Summary from IMDb:When her father unexpectedly passes away, young Ella finds herself at the mercy of her cruel stepmother and her daughters. Never one to give up hope, Ella’s fortunes begin to change after meeting a dashing stranger.
Having been gifted an unlimited cinema pass for my birthday I thought I’d better make the most of it thus took myself to see Disney’s new, real people, version of Cinderella. Directed by Kenneth Brannagh and with an all-star cast – including Cate Blanchett as the Step-mother, Helena Bonham-Carter as the Fairy Godmother and Derek Jacobi as the Prince’s father – Disney clearly went into this venture intended to dazzle.
And it succeeds. Superbly.
There is glitter and sparkle galore (and not just with the costumes, although they were utterly gorgeous) but I think the word I’d use to describe the overall look of the film would be sumptuous. From the moment the two bluebirds soared across the sunlight sky Cinderella’s world wrapped itself around me in a manner reminiscent of an extremely expensive, beautifully crafted velvet cloak. I was enveloped completely and left not wanting to take it off at the end, as it were. Which, I suppose, was absolutely necessary given that this is a film that isn’t so much about the story as about how the story is told. After all, I doubt anyone setting foot in the cinema wouldn’t already know what was going to happen.

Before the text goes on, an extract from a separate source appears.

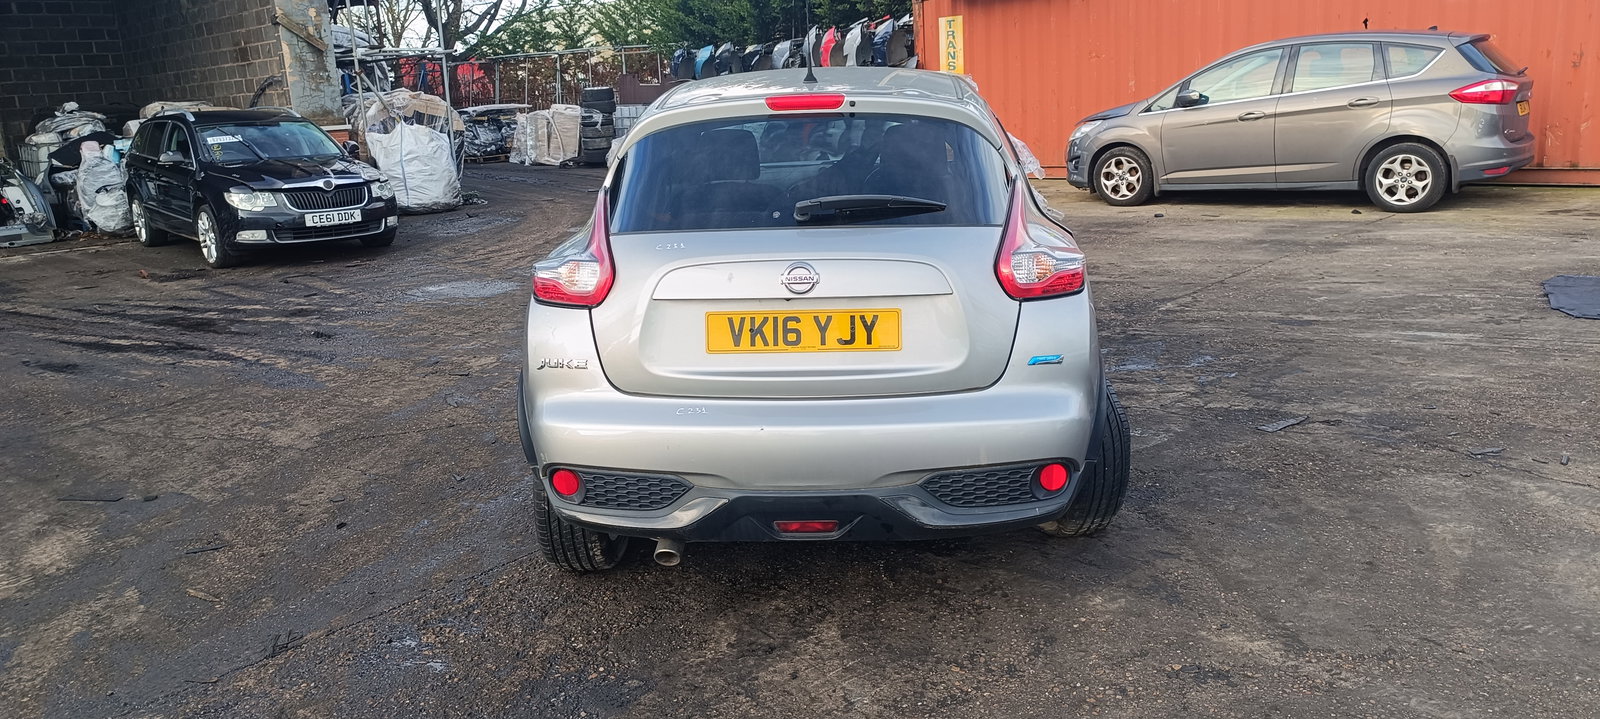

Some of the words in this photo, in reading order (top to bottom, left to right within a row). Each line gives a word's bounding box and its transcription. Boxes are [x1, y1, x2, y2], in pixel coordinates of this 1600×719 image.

In case that description hadn’t already nailed my colours to the mast, I shall say now, unequivocally, that I loved every second of this film. It only took the conversation between Ella and her mother (I can’t believe I didn’t recognise Hayley Atwell) to start me dripping silently into my tissue (yes, I’m sappy, I cry at drop of a hat where film & theatre are concerned and I don’t care who knows it) and I fell in love with both the adorable mice and the Prince (my god, Richard Madden’s smile is heart melting and his eyes really are the most glorious shade of blue) and adored how Lily James played Ella. The real winner for me, though, was Cate Blanchett’s portrayal of the step-mother. There was enough there to show that, although she was an unpleasant person, there were reasons for the unpleasantness and the expression Cate put on the step-mother’s face when she overheard Ella’s father talking about how he still loved his dead wife said far more than words could have conveyed.
But what really got me, heart and soul, and made me happy beyond words was the promise that Ella made to her mother about how she would live. That she would have courage and be kind.
Five little words, that look so small when written down, and sound almost childish in their simplicity when said aloud. Yet they have power. They shaped every single one of her actions from that moment on and, ultimately, lead her to her fairy tale ending. Those words can be powerful and moving in the real world too, and I suspect if everyone tried to live like that the world would be a better place. They certainly moved me, at any rate.